The internet, being the internet, immediately split into two warring factions.

**Camp A: The “You Have Stockholm Syndrome, Babe” Brigade**

These are the people demanding she get back into therapy, stat. “You don’t miss the cult, you miss the lack of executive dysfunction,” one user wrote. “You miss the structure. You can get that from a CrossFit gym and a meal prep service. Don’t romanticize the place that told you the earth was flat and that your parents were ‘spiritually contaminated.’” Another user chimed in with, “This is like saying you miss the flu because it gave you an excuse to stay in bed. Girl, you need a hobby, not a second coming of a false prophet.”
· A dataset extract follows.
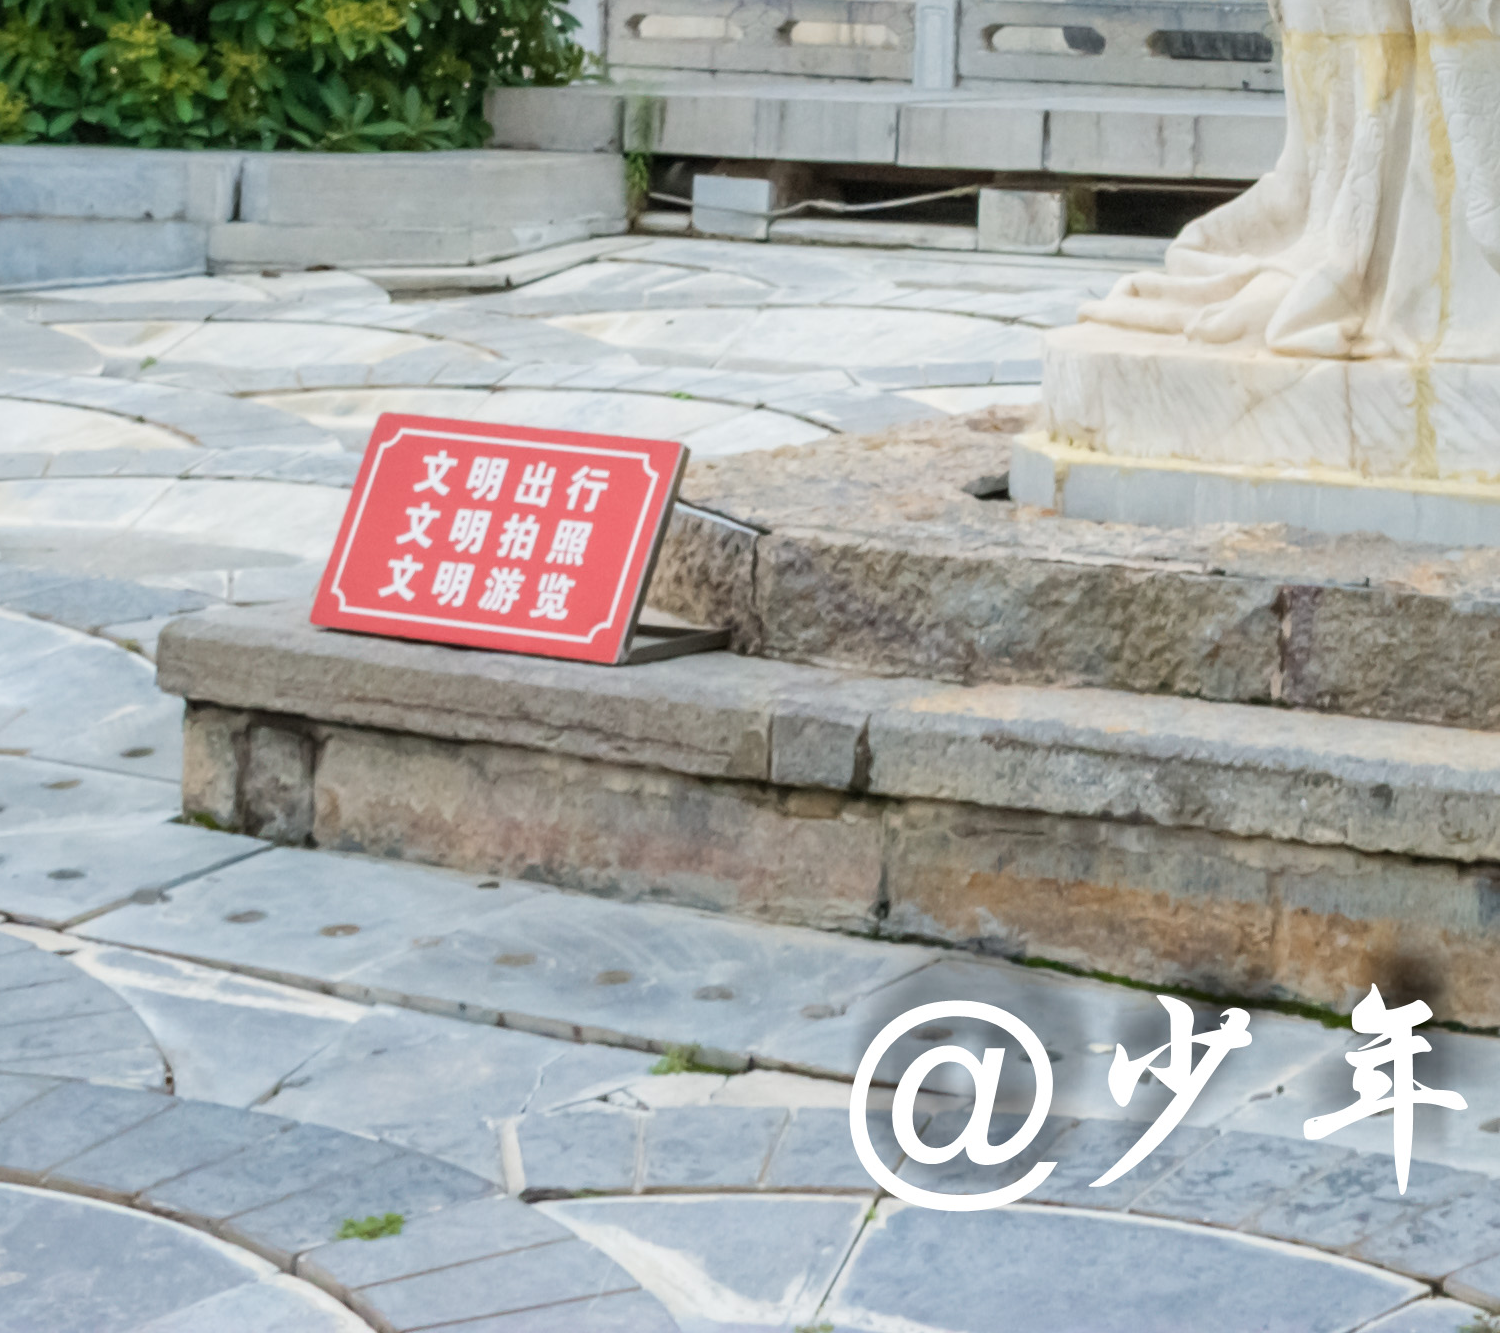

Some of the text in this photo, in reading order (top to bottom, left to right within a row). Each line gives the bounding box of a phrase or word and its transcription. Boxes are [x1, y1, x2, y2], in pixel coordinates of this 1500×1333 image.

**Camp B: The “You Know What? She Has A Point” Cynics**

This is the group that saw their rent go up 30% this year and started eyeing up the nearest compounds. “I mean, look at the price of eggs,” one commenter wrote. “If I can trade my 9-to-5 for a communal garden and a guaranteed spot in the afterlife, sign me up. At least her old neighbors weren’t trying to sell her essential oils.” Another user, clearly at their wit’s end, added, “I currently pay $2,300 a month for a studio apartment with a ‘cozy’ rat problem. Abigail was paying nothing for a plot of land and a lifetime supply of homegrown kale. Who’s the real fool here?”

Abigail, for her part, is trying to clarify. “I’m not saying I want to go back. The Prophet was a creep. The ‘medical care’ was just a guy with a rusty knife and a prayer book. But I am saying that modern society has convinced us that total freedom is the only way to be happy, and I think that’s a massive pile of horseshit. We’ve traded the certainty of a shitty, simple life for the anxiety of a million mediocre choices.”

And that, right there, is the part that’s making people uncomfortable. She’s not wrong. The “American Dream” has become a “Choose Your Own Adventure

Final Thoughts


After reading the full arc of Abigail Anderson’s story, what strikes me most is not the trauma she endured, but the quiet, almost ruthless pragmatism she developed in its wake. She is a haunting reminder that survival in a broken world often requires us to bury our own humanity beneath layers of duty and vengeance. Ultimately, her narrative forces an uncomfortable truth: that the line between hero and monster is not crossed in a single act, but worn down slowly, by love, loss, and the terrible things we do to protect both.